§ **EXERCISE REQUIREMENTS**: Copy all entries without alteration and skip the pictures they hold.
+++ RECORDS FOR THE EXERCISE +++
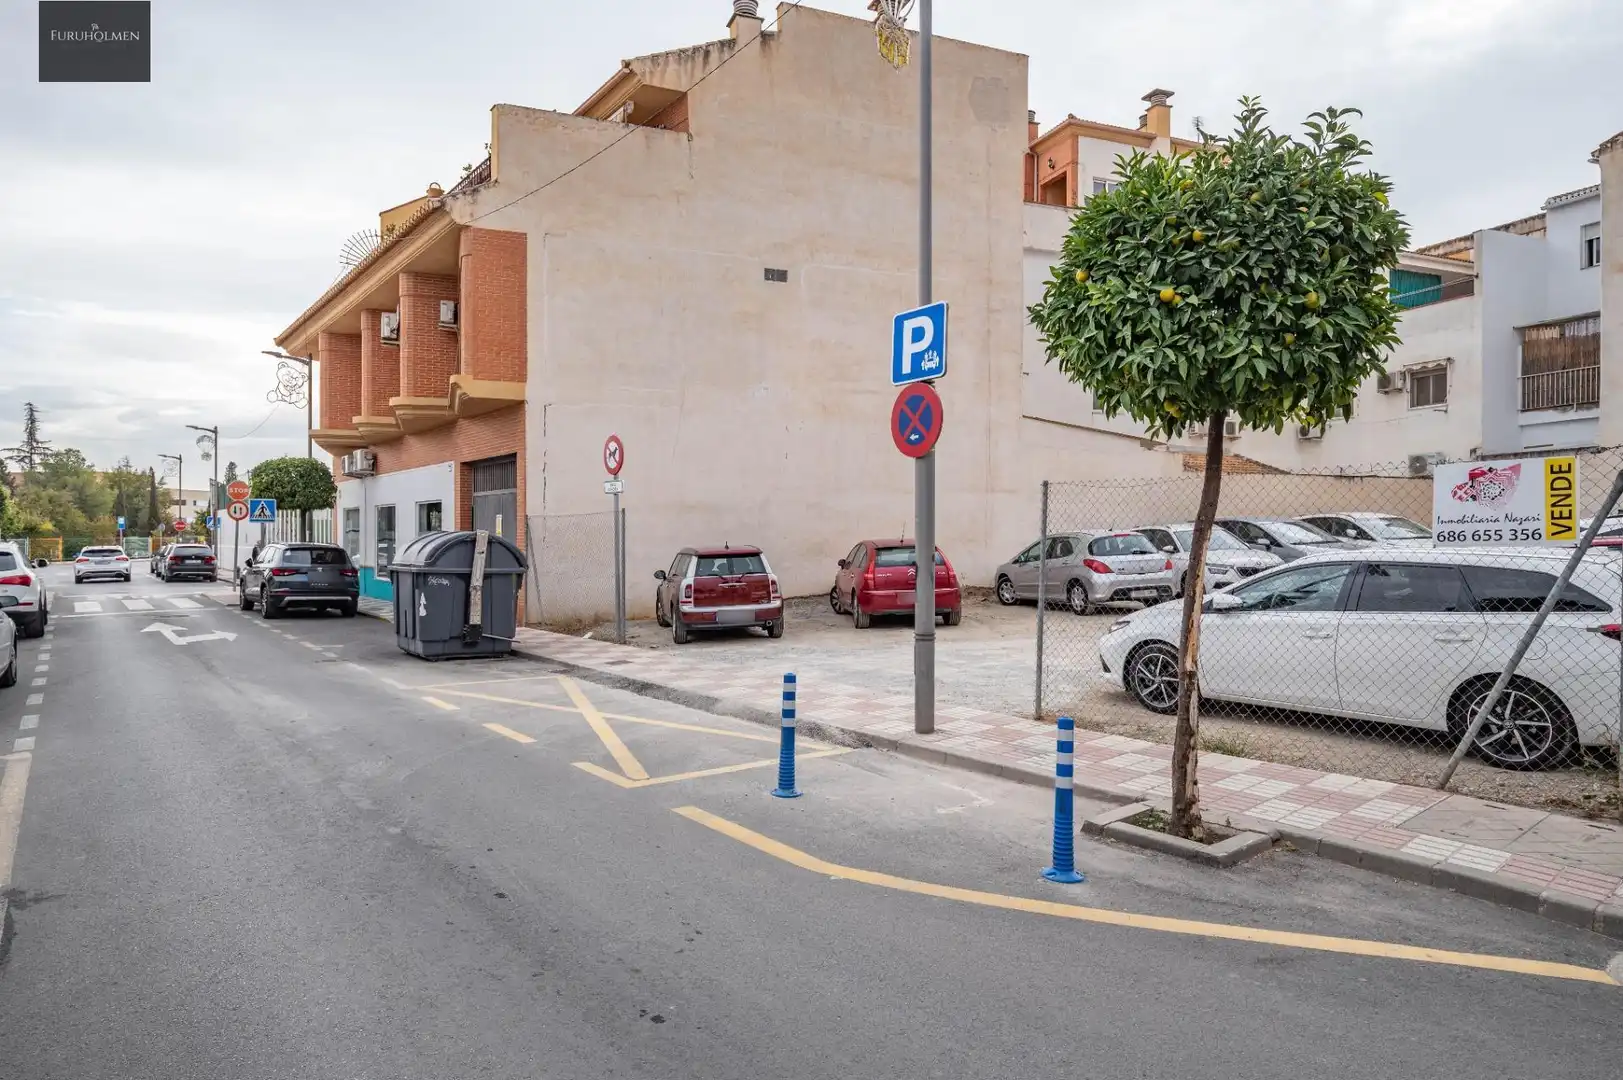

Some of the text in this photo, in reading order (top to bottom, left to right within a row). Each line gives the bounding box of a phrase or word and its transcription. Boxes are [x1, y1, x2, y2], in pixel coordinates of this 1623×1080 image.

[902, 315, 934, 374] P
[1550, 462, 1573, 537] VENDE
[1436, 528, 1542, 542] 686 655 356
[1437, 513, 1500, 525] Inmobiliaria
+++
§ **TASK SOLUTION**:
Some of the text in this photo, in reading order (top to bottom, left to right within a row). Each line gives the bounding box of a phrase or word and its transcription. Boxes are [x1, y1, x2, y2], in pixel coordinates of this 1623×1080 image.

[902, 315, 934, 374] P
[1550, 462, 1573, 537] VENDE
[1436, 528, 1542, 542] 686 655 356
[1437, 513, 1500, 525] Inmobiliaria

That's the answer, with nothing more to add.